Perhaps most revealing is how both sides are treating the budget less as an economic statement and more as a campaign platform. There’s increasing talk of the budget being “phase one” of Labor’s re-election pitch – with the big-ticket structural reforms (and potentially more spending) saved for the campaign proper. The Coalition, meanwhile, is sharpening its attack lines for budget reply – focused less on alternative policy than on Labor’s perceived economic mismanagement.
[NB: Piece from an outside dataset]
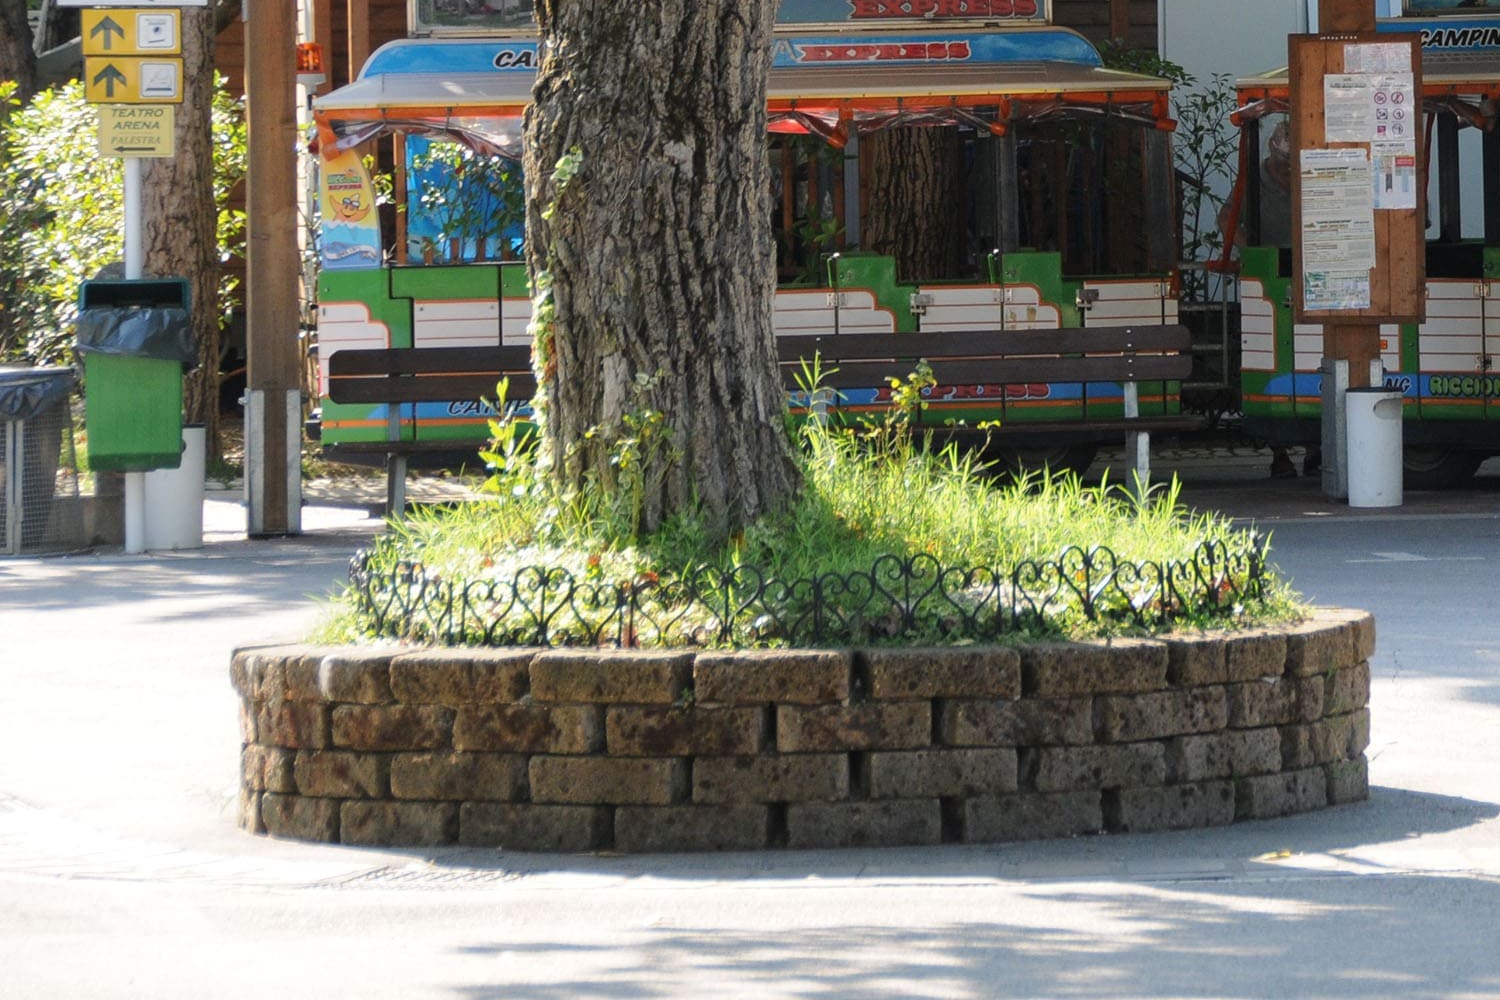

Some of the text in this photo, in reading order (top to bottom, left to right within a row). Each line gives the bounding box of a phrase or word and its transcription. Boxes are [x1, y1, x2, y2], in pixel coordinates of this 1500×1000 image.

In the middle of it all, Australian voters are caught in a now-familiar pattern: short-term relief, long-term uncertainty. Many, including economist Steven Hamilton, see energy bill rebates as inflationary – helpful in the moment, but ultimately adding to the problem they’re meant to solve. In the longer term, government spending of this nature often becomes a cycle of tax, churn, and diminishing returns.

So where does that leave us?

This year’s budget may offer some help to families struggling under cost-of-living pressure. It may also reinforce Labor’s economic narrative of calm, responsible leadership in a chaotic global environment. But it will do so at the cost of long-term clarity. Deficits will continue. Off-budget spending will rise. And the pressure to explain – and eventually pay for – these decisions will fall to future governments, and future voters.

In short, we are heading into another election where both major parties will compete not just on vision, but on whose version of reality voters are willing to believe. Tuesday’s budget will tell us which version Labor wants to sell. But the bigger question is whether voters are still buying.